知床半島3Dモデルの全景 樹木の高さや植生の違いなどもリアルに再現(提供:シリコンスタジオ)《クリックで拡大》

 とはいえ、データさえあれば誰でも簡単に活用できるわけではない。ベースとなるDEMにしても、中身はいわゆる座標データにすぎない。これを的確に変換・加工して役立つ3D地形モデルを作成するためには、高度なノウハウが必要だ。

 この課題解決に向けて存在感を高めているのがシリコンスタジオだ。同社の神鳥泰章氏は「実在する山岳や海岸、島々などを効率的に3Dモデル化する技術は、さまざまな事業に応用可能です」と話す。

リアルタイム3DCGに注力してきたシリコンスタジオの強み

 シリコンスタジオが展開するサービスの特徴は、さまざまな地理空間データと「Unreal Engine」や「Unity」などのゲームエンジンを組み合わせた独自のアプローチにある。地理空間データをゲームエンジンに取り込むまでの一連のワークフローを整備し、データの解釈・変換から3D地形モデルの生成・最適化まで、効率的かつ再現性の高いプロセスを確立している。

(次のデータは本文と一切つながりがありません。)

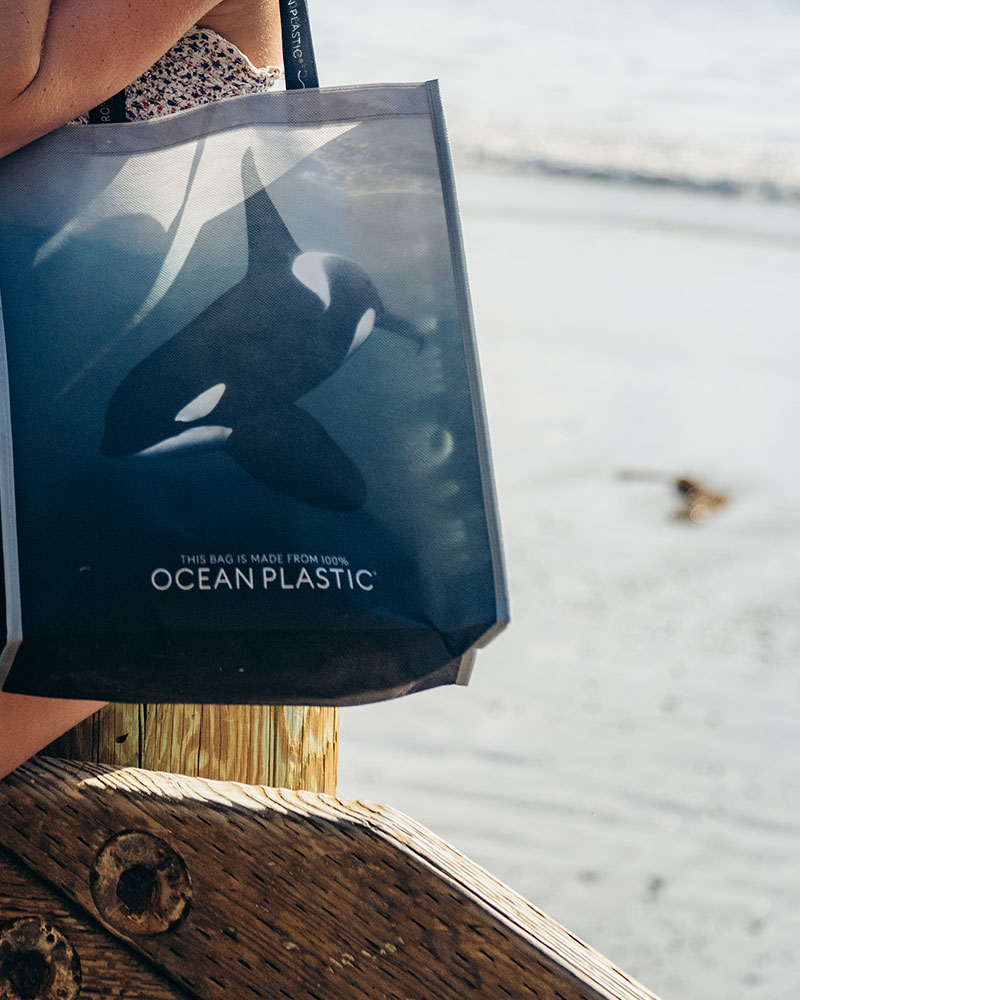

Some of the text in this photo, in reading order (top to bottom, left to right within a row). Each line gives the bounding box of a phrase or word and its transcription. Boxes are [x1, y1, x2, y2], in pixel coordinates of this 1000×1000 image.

[180, 553, 350, 567] THIS BAG IS MADE FROM 100%
[150, 567, 254, 591] OCEAN
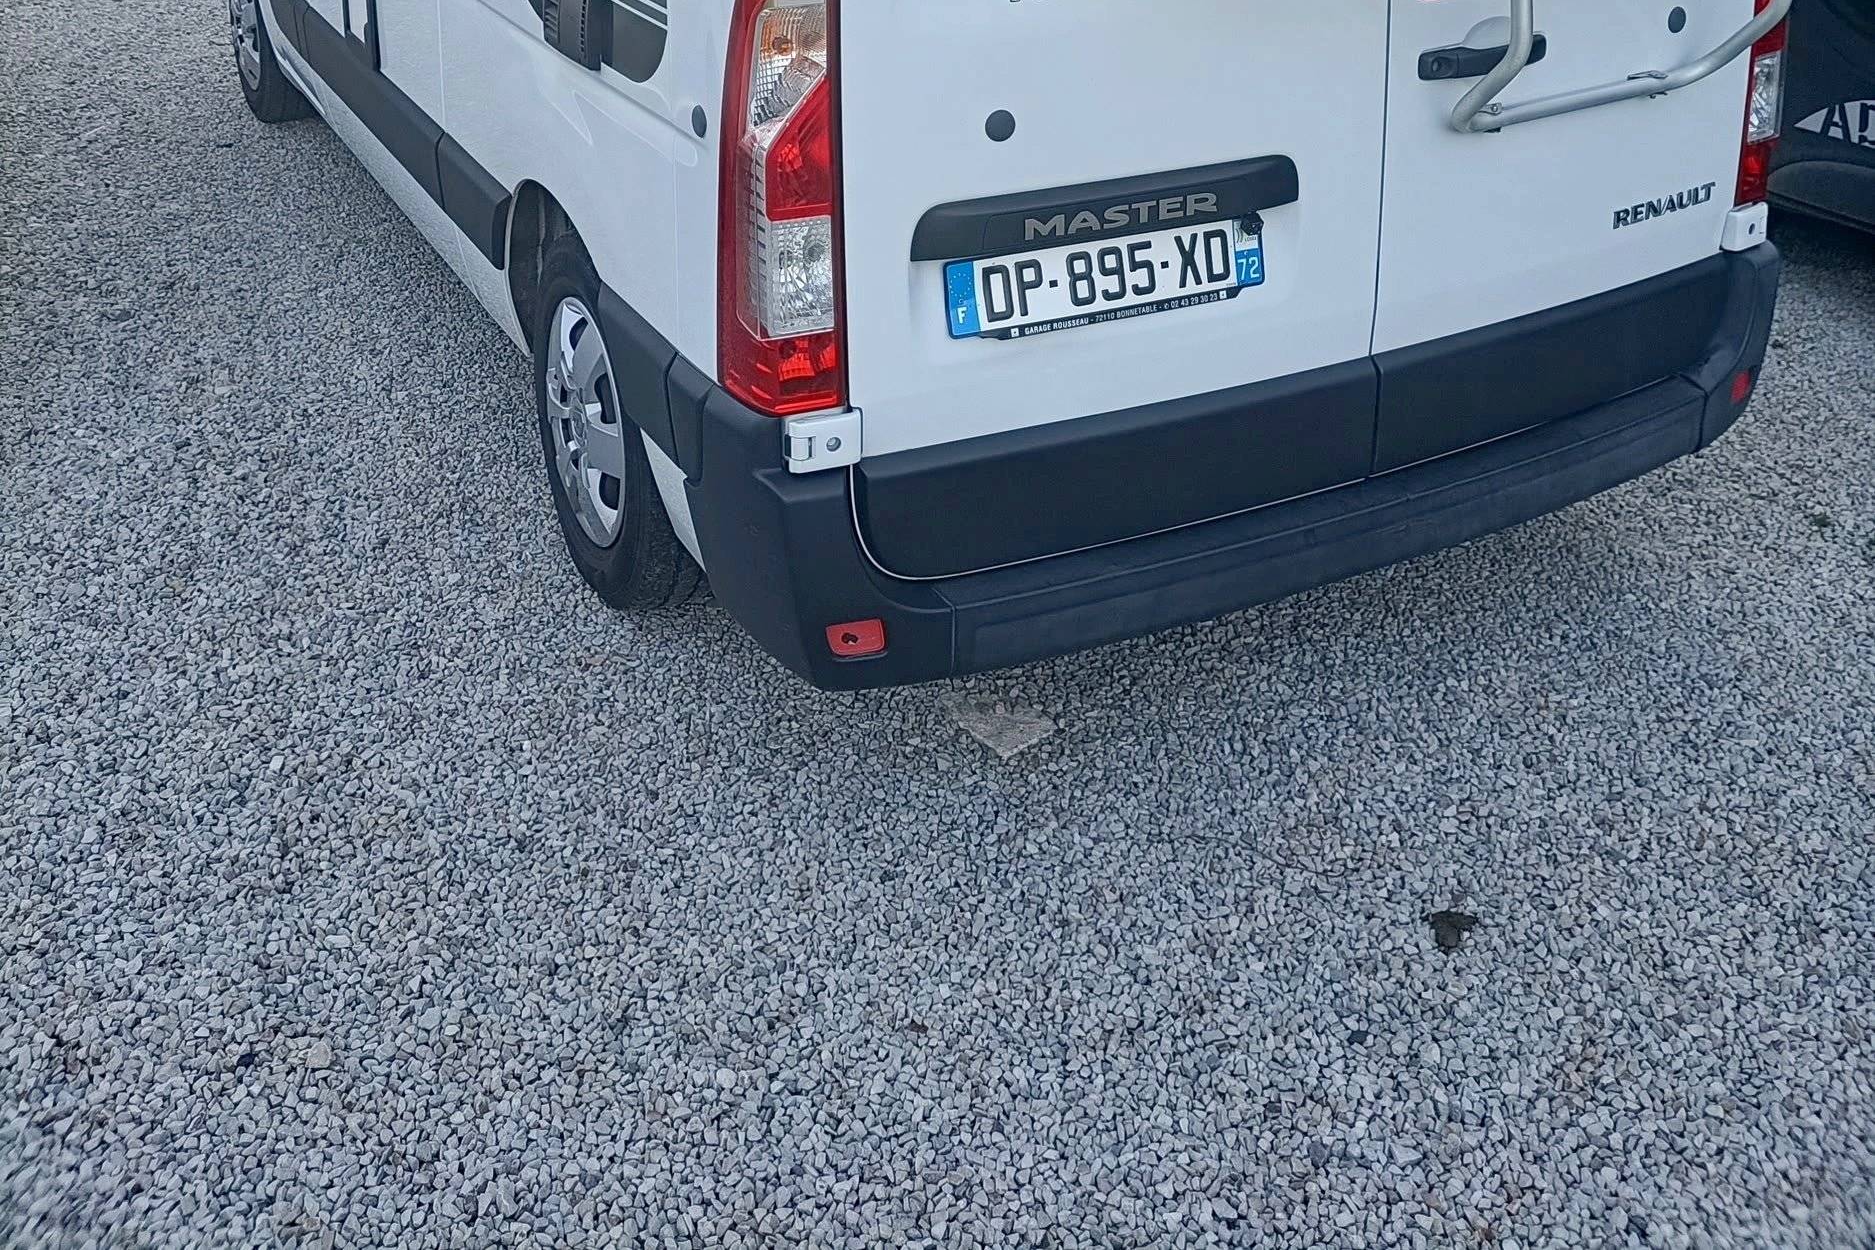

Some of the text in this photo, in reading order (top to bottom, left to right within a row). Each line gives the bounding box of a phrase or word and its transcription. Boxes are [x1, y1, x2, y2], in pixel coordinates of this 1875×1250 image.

 同社が制作したデモCGを基に、その概要を見てみよう。デモとして制作したのは北海道・知床半島の羅臼湖を中心とした周囲約5.5キロ四方の地形を3Dモデル化したものだ。

北海道・知床半島の3Dモデル(俯瞰図)(提供:シリコンスタジオ)《クリックで拡大》

 同社の武藤洋介氏は「国土地理院が公開している1メートルメッシュのDEMデータを解釈・加工してUnreal Engineに取り込むことで、各所の標高を正確に反映した形状を作成しました」と説明する。

 もっともこれだけでは、単に地形をなぞっただけの無機質な画像にしかならない。そこがどんな景観を持つのか、植生の配置などにも地理空間データを使っている。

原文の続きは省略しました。